Encycl. Littér. - La littérature fantastique se caractérise par l'irruption d'un objet insolite dans le champ du réel, d'abord perturbé puis transformé. Aux légendes que le Moyen âge exalte à l'aide du merveilleux et aux contes du XVIIe s. (Perrault) succèdent les livres "noirs" du siècle des Lumières, notam. le Diable amoureux de Cazotte (1772). L'épanouissement du genre est contemporain du romantisme: en Angleterre et en Irlande, avec le roman noir (Maturin, Lewis, Mary Shelley); en Allemagne, avec les contes d'Hoffmann et d'Arnim. Citons en France, Nodier (l'"école frénétique", v. 1820), Balzac, Mérimée, Gautier, Nerval; en Russie, Gogol et Dostoïevski; aux È.-U., Poe, Irving et Hawthorne; en Pologne, Potocki. Auj., le fantastique revêt souvent la forme de la science-fiction (Ray Bradbury, Lovecraft) et inspire le cinéma. Bx-A. - La variété des thèmes fantastiques ressortit au versant nocturne des choses: la forêt (Grünewald, Dürer, Cranach, etc.), les monstres (bestiaires du Moyen âge, Deutsch, Bosch, etc.), les scènes oniriques (Moreau, Redon, Ensor, De Chirico, Dalí, etc.), les lieux d'ombre et de ténèbres (Piranèse, Goya, Hugo, Picasso, etc.).
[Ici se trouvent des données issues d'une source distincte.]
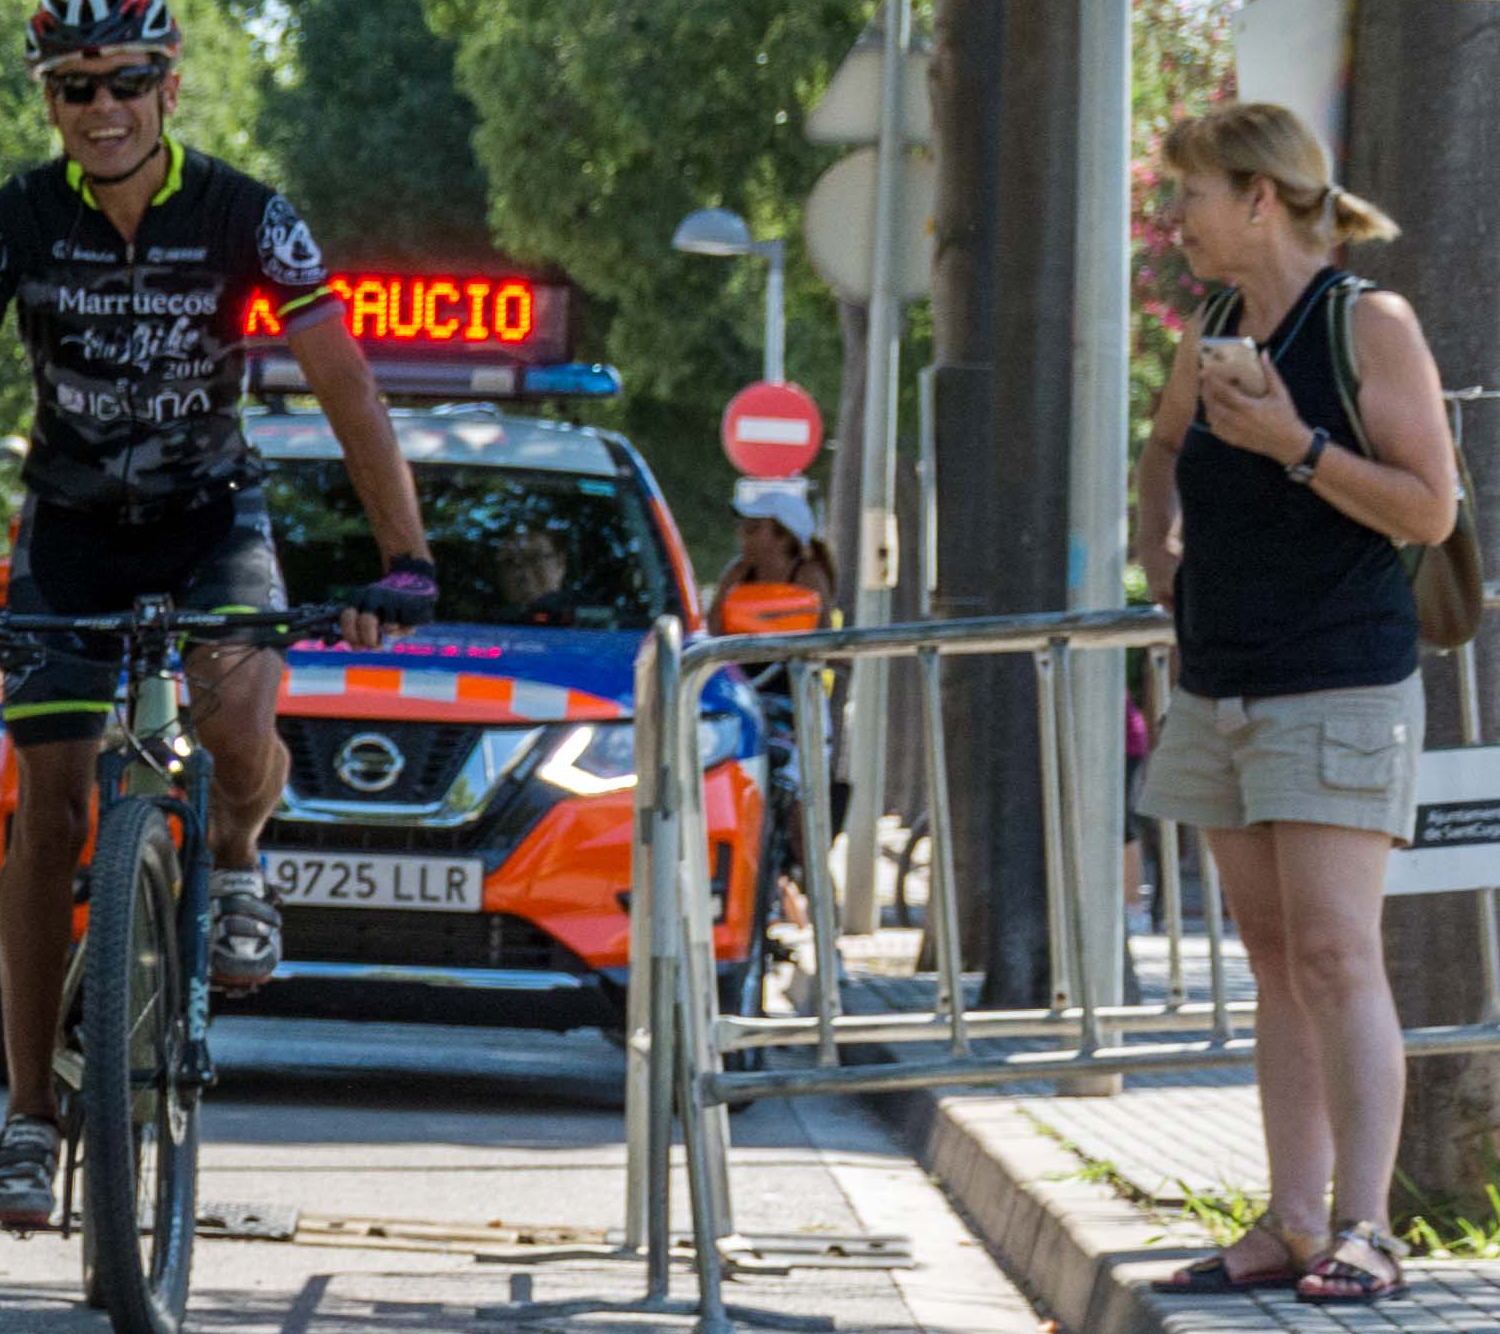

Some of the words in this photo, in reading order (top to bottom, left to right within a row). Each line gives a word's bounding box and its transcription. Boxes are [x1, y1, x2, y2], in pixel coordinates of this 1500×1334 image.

⇒FANTASTIQUE, adj. et subst.
A.— Vieux
1. [En parlant d'une pers.] Qui donne libre cours à son imagination, se forge des chimères. Un assez grand nombre (...) de rêveurs fantastiques se promettaient, (...) l'égalité des biens, ou le suffrage universel (GUIZOT, Hist. civilisation, Leçon n° 13, 1828, p. 21).
— P. méton. [En parlant de l'activité imaginaire d'une pers.] Qui n'est qu'une construction de l'imagination, n'a aucun fondement dans la réalité. Desseins, projets fantastiques. Synon. imaginaire. Je détruis, par le raisonnement, les idées fantastiques qu'on s'est faites du ciel, et je cherche à montrer où est vraiment le ciel (P. LEROUX, Humanité, t. 1, 1840, p. V). Une justice fantastique sortie de l'imagination des utopistes (SOREL, Réfl. violence, 1908, p. 339) :
• 1. L'imagination combine les idées conservées des objets simples, non selon leurs rapports réels qui forment les êtres existans, mais dans leurs rapports possibles ou supposés tels, dont résultent des êtres ou absens, ou chimériques, ou même fantastiques et contradictoires...
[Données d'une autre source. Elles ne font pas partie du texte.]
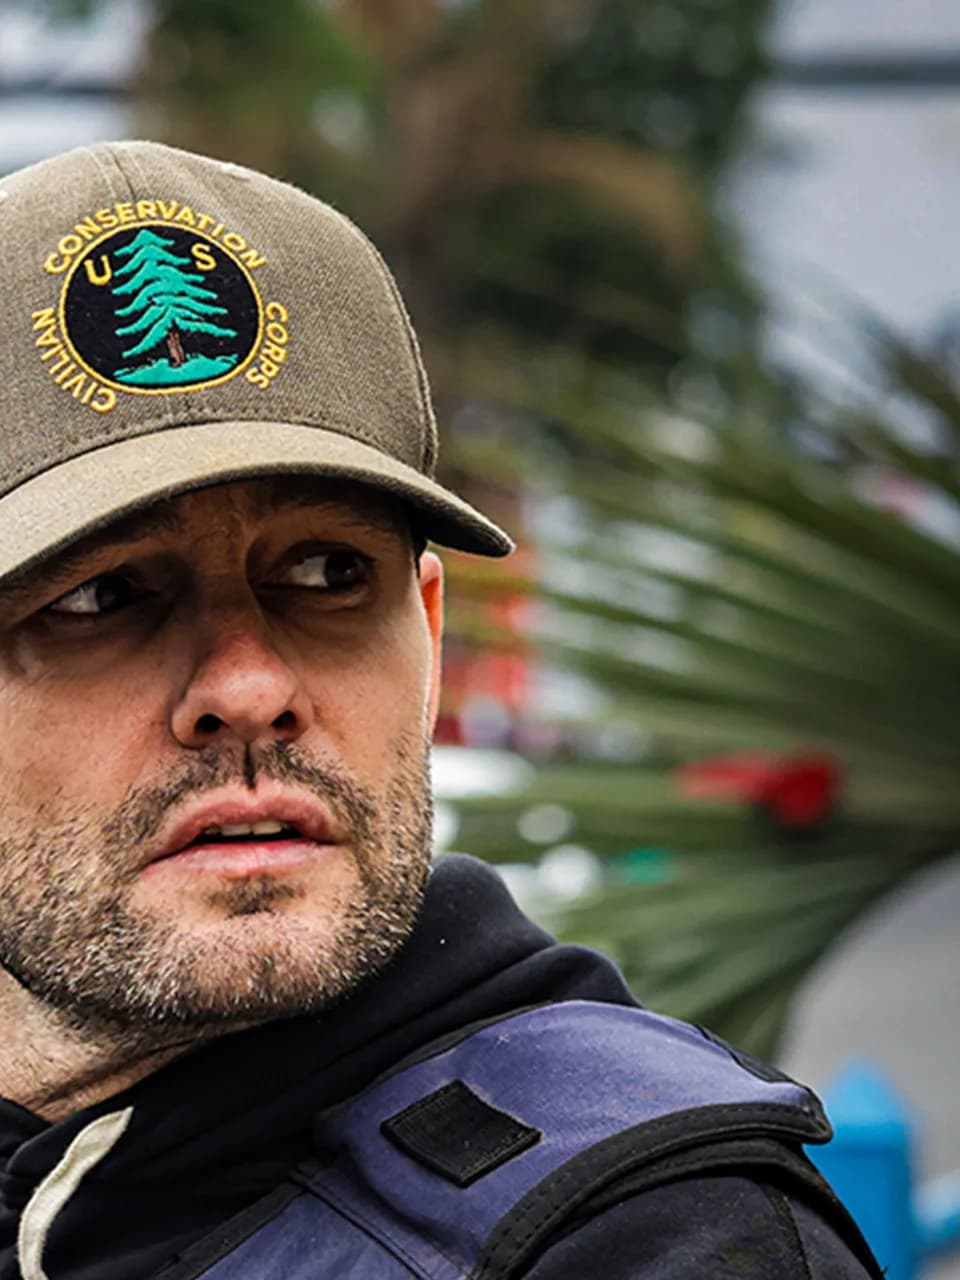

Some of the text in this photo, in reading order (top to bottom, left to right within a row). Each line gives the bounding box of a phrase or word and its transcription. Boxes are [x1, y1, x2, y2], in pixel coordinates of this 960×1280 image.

[31, 199, 289, 413] CIVILIAN CONSERVATION CORPS
[84, 243, 217, 285] U S
SENANCOUR, Rêveries, 1799, p. 145.
2. [En parlant d'un être vivant, d'un inanimé concr.]
a) Dont l'existence est purement imaginaire, constitue une invention. Synon. fictif. Je suis dans la ferme persuasion que l'île Grande est, comme l'île Pepis, une terre fantastique; le rapport de La Roche qui prétend y avoir vu de grands arbres, est dénué de toute vraisemblance (Voy. La Pérouse, t. 2, 1797, p. 43). Il fallait (...) mentir, inventer des histoires sur un sous-chef qui n'existait pas, sur un garçon de bureau fantastique (A. DAUDET, Trente ans Paris, 1888, p. 34).
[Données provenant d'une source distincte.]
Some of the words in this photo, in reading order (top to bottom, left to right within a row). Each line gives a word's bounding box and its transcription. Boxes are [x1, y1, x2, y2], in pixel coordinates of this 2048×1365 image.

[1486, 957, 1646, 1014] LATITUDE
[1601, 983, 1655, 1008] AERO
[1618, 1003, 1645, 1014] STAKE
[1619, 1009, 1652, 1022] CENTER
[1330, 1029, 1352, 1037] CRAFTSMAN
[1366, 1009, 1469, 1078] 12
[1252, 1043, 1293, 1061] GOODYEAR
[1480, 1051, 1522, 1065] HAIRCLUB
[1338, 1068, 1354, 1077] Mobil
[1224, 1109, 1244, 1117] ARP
b) Qui est visible, mais sans consistance réelle. Si elle [l'eau] les eût réfléchies comme la lumière, les formes des arbres et des terres qui bordent ses rivages eussent apparu à sa surface, (...) l'illusion se fût confondue sans cesse avec la réalité. Les oiseaux eussent voltigé en vain autour d'un saule fantastique pour y faire leurs nids, et les bœufs se fussent heurtés contre un saule réel (BERN. DE ST-P., Harm. nat., 1814, p. 199). Beaucoup (...) supposaient que le corps de Jésus avait été fantastique, que toute sa vie matérielle (...) ne fut qu'une apparence (RENAN, Évangiles, 1877, p. 421).
B.— Usuel
1. Qui appartient au surnaturel, qui est créé par l'imagination. Apparition, vision fantastique; monstres, ombres fantastiques. Synon. extraordinaire, irréel, merveilleux. Toute sa vie il avait été atrocement poltron, et quand il était ivre surtout, il était assailli par les revenants, (...) par le monde fantastique des superstitions du pays (SAND, Hist. vie, t. 1, 1855, p. 282). Nous ne savons pas ce qu'il y a dans les choses, mais nous avons découvert que les diables, lutins et farfadets n'y sont pas. Que ces êtres fantastiques soient possibles ou non, cela dépasse notre portée (ALAIN, Propos, 1932, p. 1104) :
• 2. ... le penseur le plus positif est prêt à jurer qu'il y a là-bas, dans ces ombres, sous quelque bocage fantastique, un être surnaturel et solitaire, une fée quelconque...
HUGO, Rhin, 1842, p. 141.
SYNT. Animaux, bêtes, figures, oiseaux, personnages, terreurs fantastiques.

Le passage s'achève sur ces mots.